What do you usually do in the evening?

I eat dinner, of course. Like I already said, if my classes ended late, I ate out because I was too tired to cook for myself. I often ate at fast-food restaurants like KFC, Burger King or McDonald's because the food there is quite cheap and the service is fast. I really miss the KFC wing basket, I want to eat it so bad but KFC Vietnam doesn't serve it. I guess I should come back to Russia as soon as possible to eat it. If my classes ended early, I often cooked and ate dinner with my friend. I usually cooked Vietnamese dishes so that I didn't miss my family and my home. Sometimes I wanted to change my appetite, so I ate at the cafeteria of my dorm. Although the food here is not as diverse as in the university cafeteria, the quality is not bad at all. Moreover, if you don't want to eat in the cafeteria, you can bring food to your room. It's very convenient. When I’m in Vietnam, classes often coincide with dinner time, so I usually have a snack at break time and eat dinner after classes are over.

What do you do after that?

Well, a lot of things. Usually, I do my homework. When I was in Russian, I called home before doing my homework. I told my family how my day went, what I studied at school, what I bought at the supermarket, what I had for dinner. Sometimes I cleaned the room if it was my turn to be on duty that day. I and my roommates also had to clean the dining room of our floor when the day of duty came. On that day we often waited until very late, when no one came to the dining room to clean it. As I already told you, I often stayed up late to do my homework. In order not to disturb my roommates as they usually had to get up early to go to work, I studied in the study room on the first floor. I like the atmosphere there because it made me more focused on studying. A lot of people went down there to study and they were very focused and somehow it motivated me to study. Staying up late made me very hungry so I often ate while studying. My friends even brought some snacks for me. When I'm home, it’s my mom who brings snacks for me. Sometimes I have classes even after dinner and they last until 1 A.M. If I still have energy, I'll do my homework, if not, I'll go straight to bed and sleep.

This is just a normal day of my university life.
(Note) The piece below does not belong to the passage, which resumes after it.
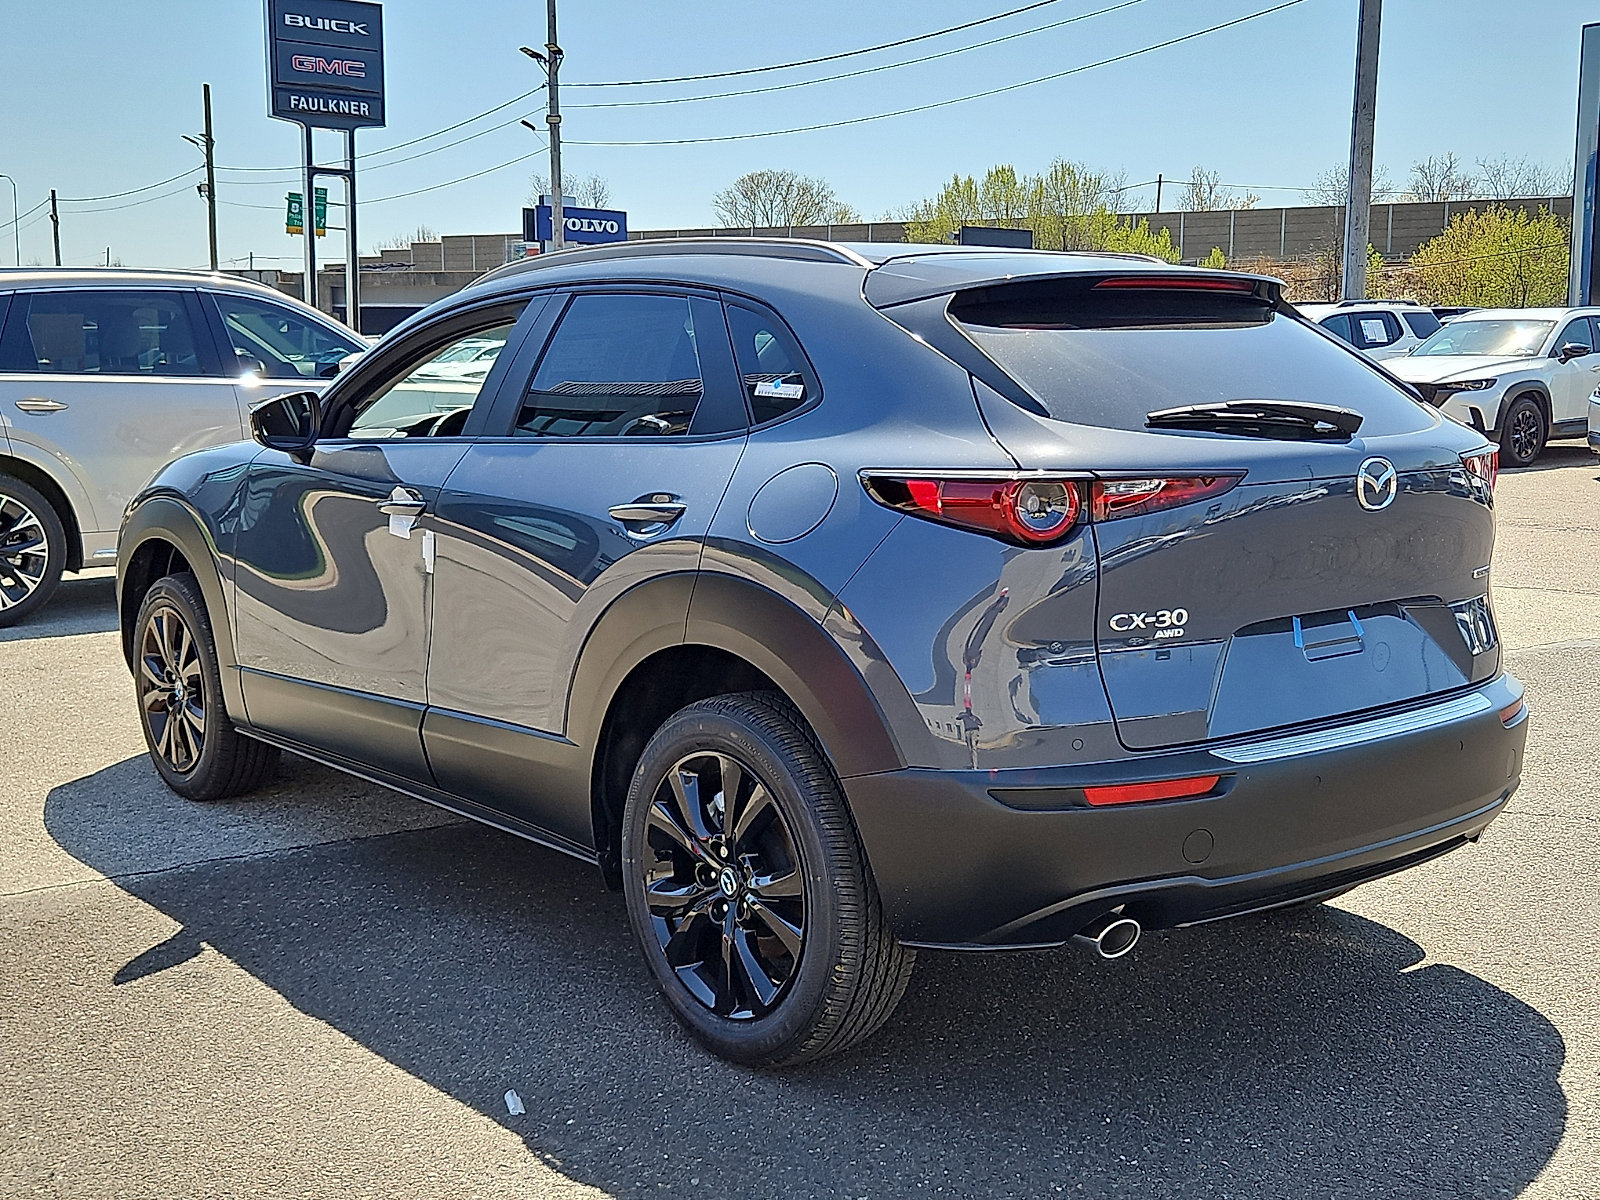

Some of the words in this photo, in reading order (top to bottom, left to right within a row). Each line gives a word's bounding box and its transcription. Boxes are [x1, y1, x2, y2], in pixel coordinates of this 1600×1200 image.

It starts with waking up late, skipping breakfast, going to university, or starting Zoom conferences, hanging around, having dinner, calling family if I was in Russia, cleaning the room, doing homework and it ends with going to bed late at night.
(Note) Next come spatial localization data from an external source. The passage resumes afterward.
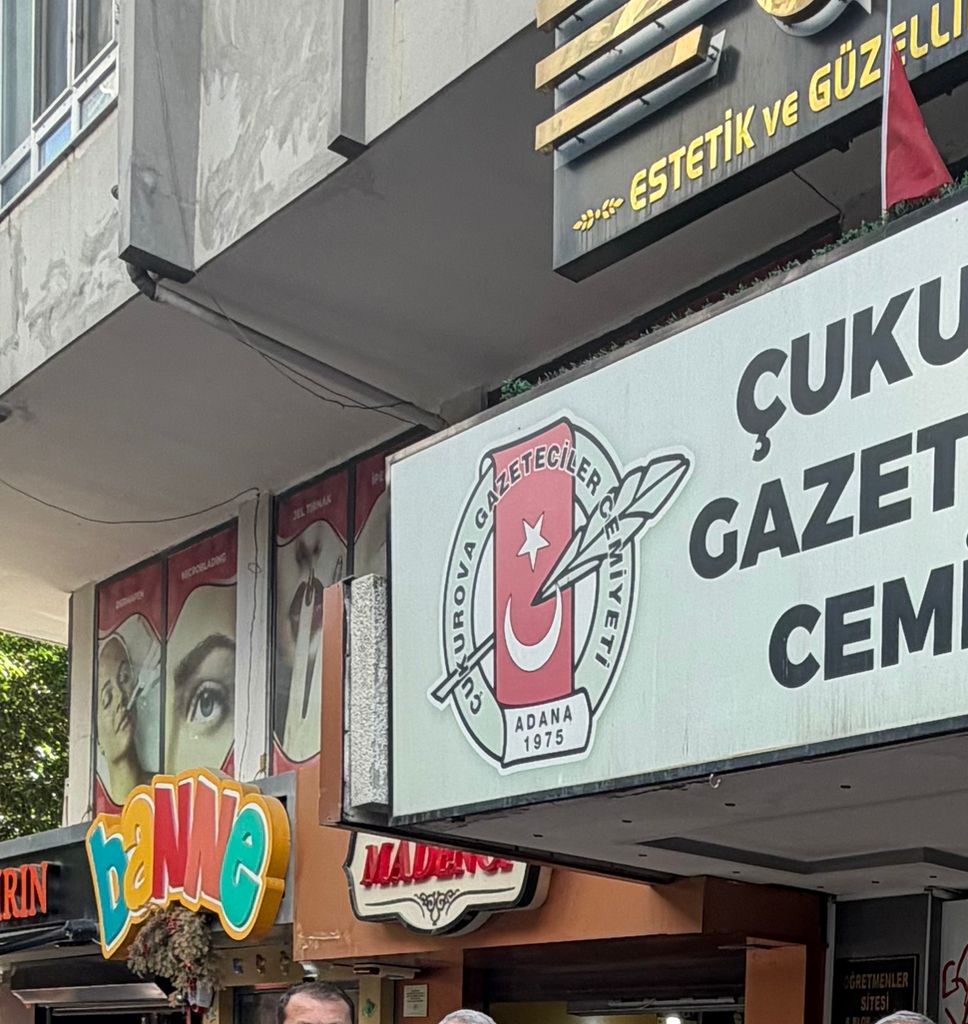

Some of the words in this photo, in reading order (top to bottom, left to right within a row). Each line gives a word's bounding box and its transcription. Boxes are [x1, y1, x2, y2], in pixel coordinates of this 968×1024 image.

[630, 104, 756, 212] ESTETİK
[452, 540, 484, 715] ÇUKUROVA
[475, 440, 601, 530] GAZETECİLER
[594, 493, 628, 669] CEMİYETİ
[515, 704, 573, 733] ADANA
[523, 728, 565, 752] 1975
[0, 861, 48, 920] RIN
Lihn, thank you very much for describing your day to us. Would you like to say anything to our readers?

Well, I wish you all a successful academic year. Hope you always keep your passion for learning new things. Don't be discouraged because we can't meet in person but have to study online. Please stay healthy and follow the government directive so that the COVID-19 epidemic will soon pass and we can return to our normal lives.